● **Records to process**
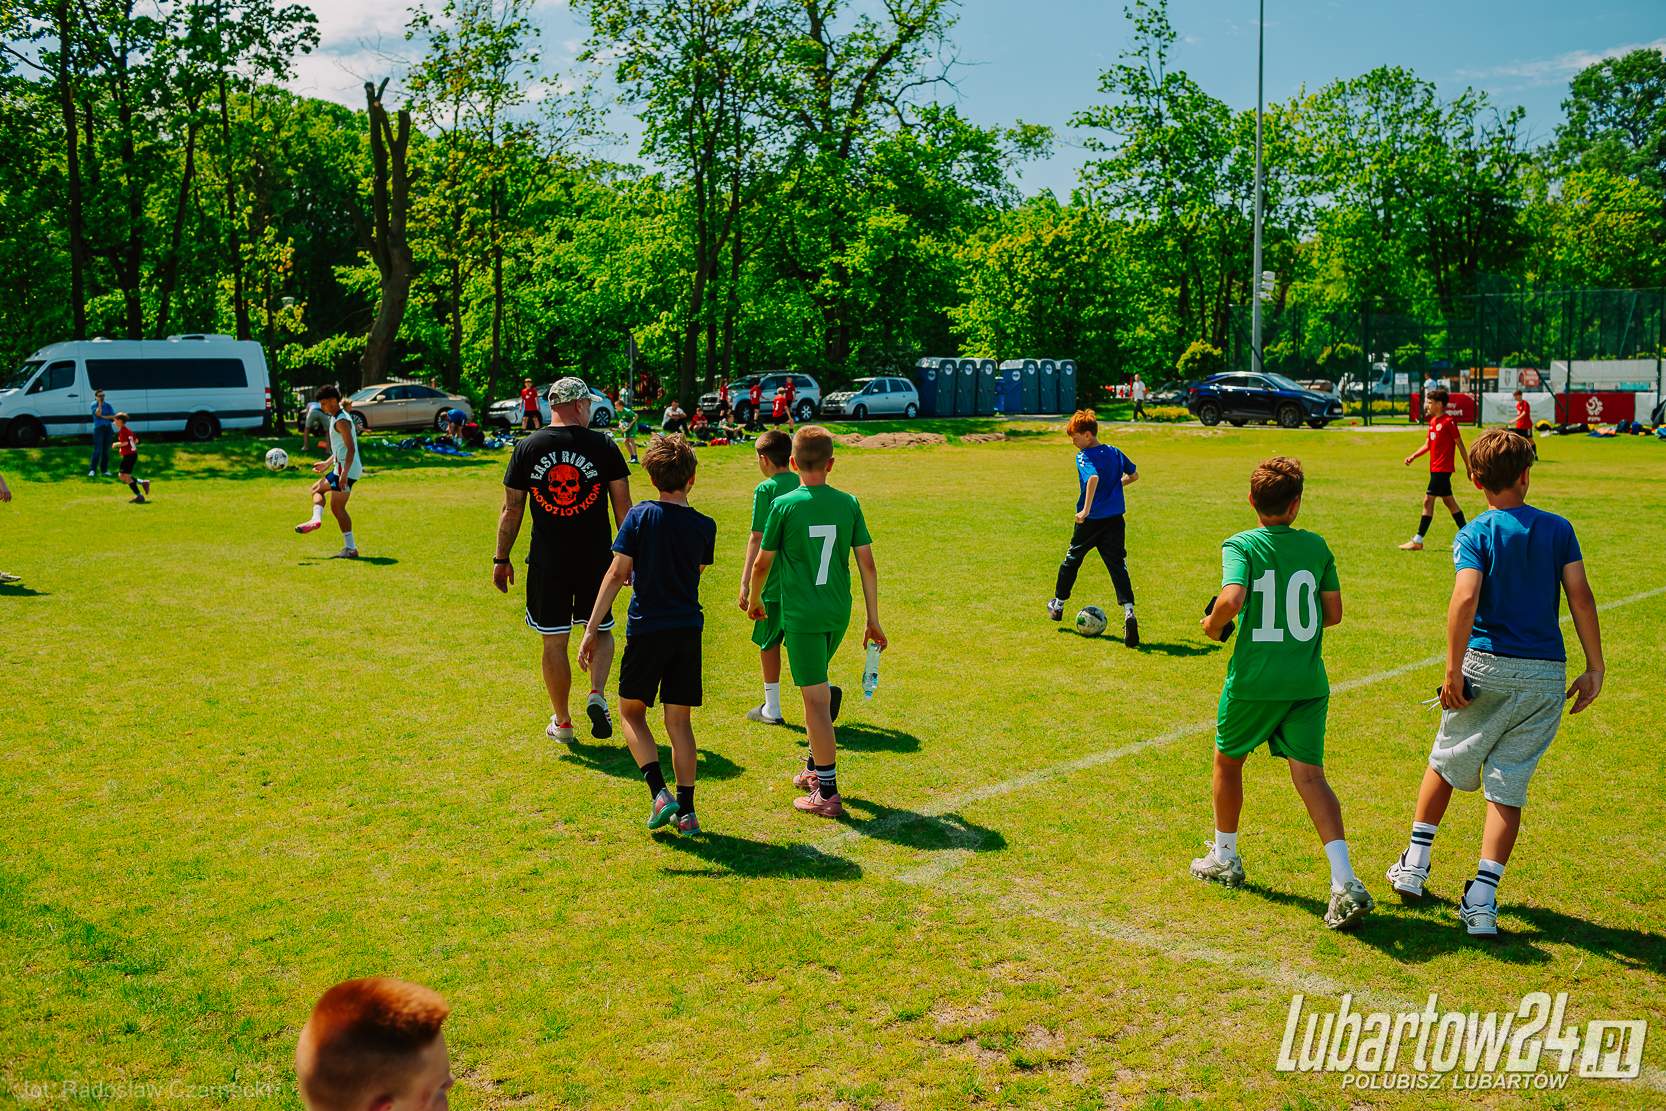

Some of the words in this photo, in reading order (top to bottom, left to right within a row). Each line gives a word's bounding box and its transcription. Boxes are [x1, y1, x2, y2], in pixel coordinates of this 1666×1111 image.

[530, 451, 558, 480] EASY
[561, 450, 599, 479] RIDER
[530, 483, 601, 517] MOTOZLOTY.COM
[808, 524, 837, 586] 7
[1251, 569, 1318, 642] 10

● **Instructions for the task**
Copy out the material word for word, without any images.

● **Task output**
Some of the words in this photo, in reading order (top to bottom, left to right within a row). Each line gives a word's bounding box and its transcription. Boxes are [x1, y1, x2, y2], in pixel coordinates of this 1666×1111 image.

[530, 451, 558, 480] EASY
[561, 450, 599, 479] RIDER
[530, 483, 601, 517] MOTOZLOTY.COM
[808, 524, 837, 586] 7
[1251, 569, 1318, 642] 10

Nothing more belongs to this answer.